Prospective Randomized Multicenter Comparison of the Clinical Outcomes of V4c and V5 Implantable Collamer Lenses: A Contralateral Eye Study

PURPOSE: To compare the visual and refractive outcomes and night vision performance questionnaire results between V4c and V5 implantable Collamer lenses in a prospective, randomized, multicenter study. SETTINGS: Four refractive surgery centers.
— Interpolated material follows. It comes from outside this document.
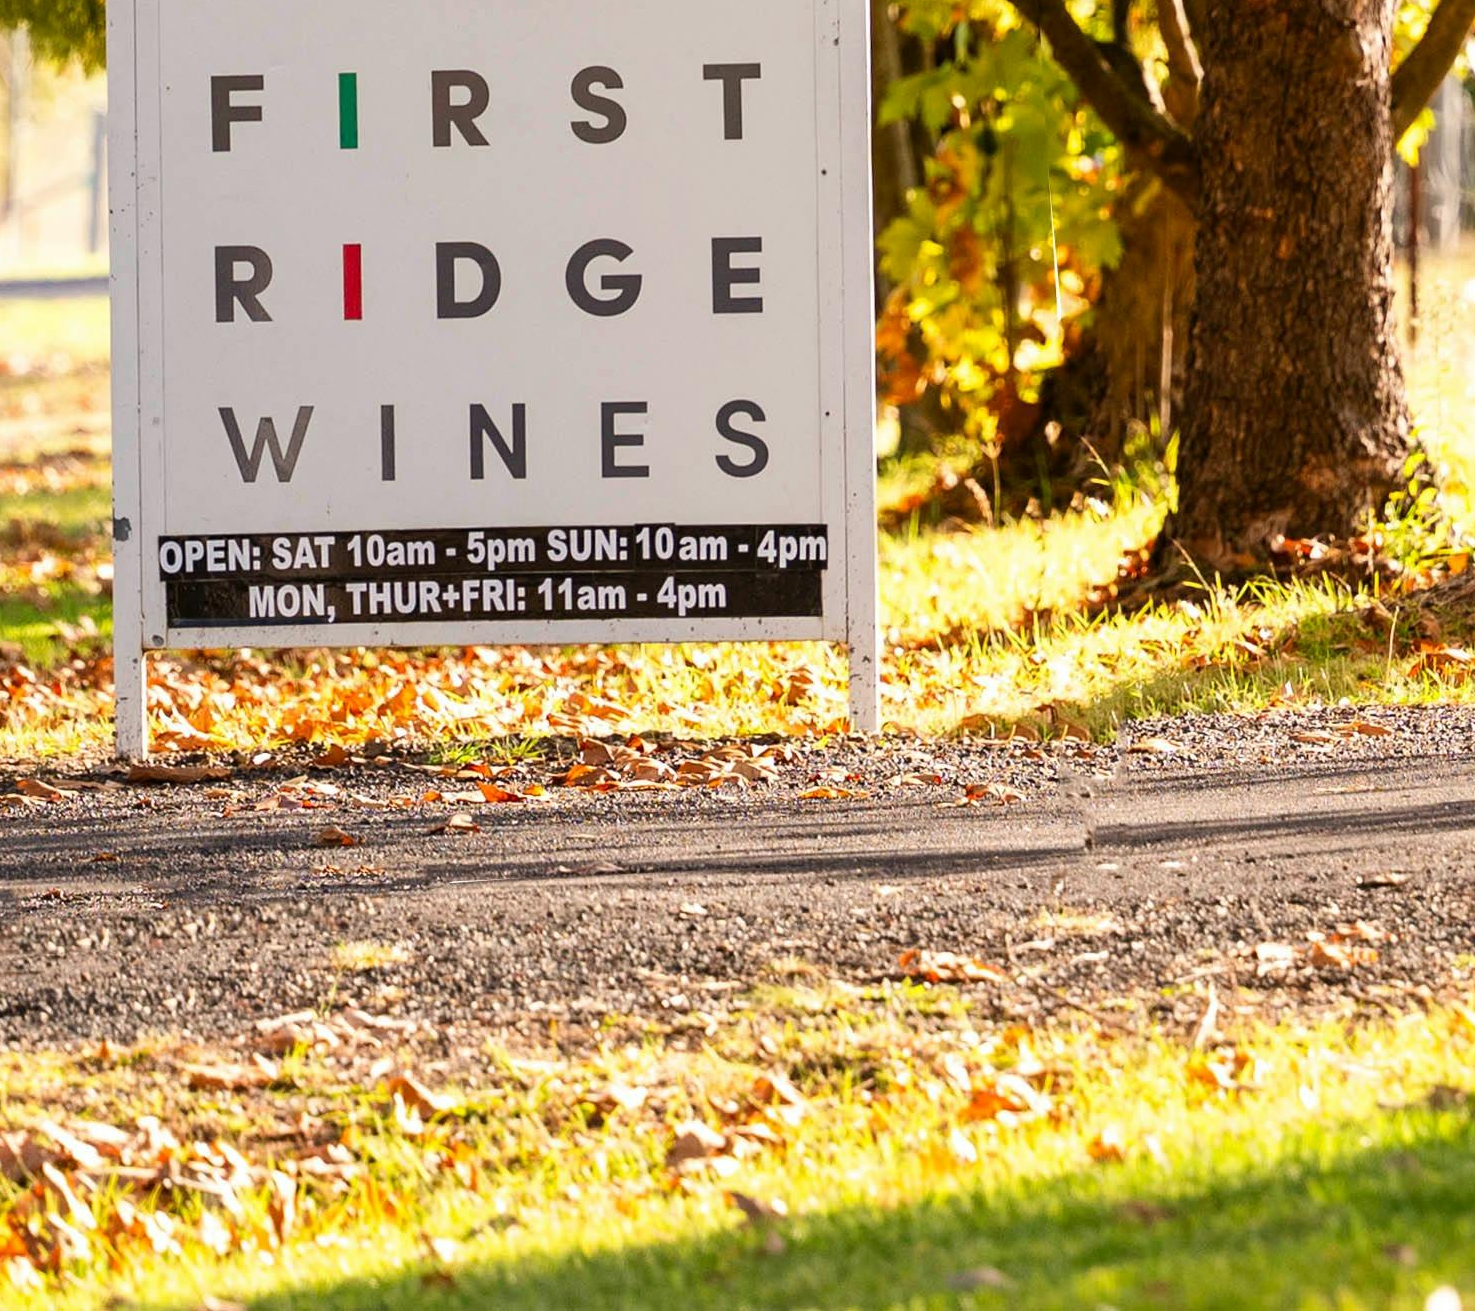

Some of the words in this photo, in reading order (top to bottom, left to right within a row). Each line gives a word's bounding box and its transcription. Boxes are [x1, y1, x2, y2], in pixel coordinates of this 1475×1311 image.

DESIGN: Prospective randomized multicenter single-masked comparative study. METHODS: Twenty-three patients were enrolled in this study. A conventional V4c model (EVO Visian ICL) was implanted in one eye, and a V5 model (EVO+ Visian ICL), which has a larger optic diameter than the V4c model, was implanted in the contralateral eye. The uncorrected distance visual acuity (UDVA) and corrected distance visual acuity (CDVA) were evaluated before and 6 months after surgery. At 6 months after surgery, a questionnaire on night vision disturbances was administered. The efficacy, safety, and predictability of the two implanted ICL models were compared. RESULTS: There were no significant differences in the postoperative UDVA and CDVA between the two ICL models. The mean efficacy indexes for the V4c and V5 lenses were 1.16 ± 0.22 and 1.03 ± 0.23, respectively. The mean safety indexes of the V4c and V5 lenses were 1.21 ± 0.20 and 1.19 ± 0.20, respectively. The night vision performance questionnaire revealed that 7 patients (37%) noticed a difference in visual performance between the eyes, and all of them reported that they could see better at night with the V5-implanted eye compared with the V4c-implanted eye. CONCLUSION: The V4c and V5 ICL models achieved similar visual and refractive outcomes, whereas the V5 model showed a possible advantage in reducing night vision disturbances.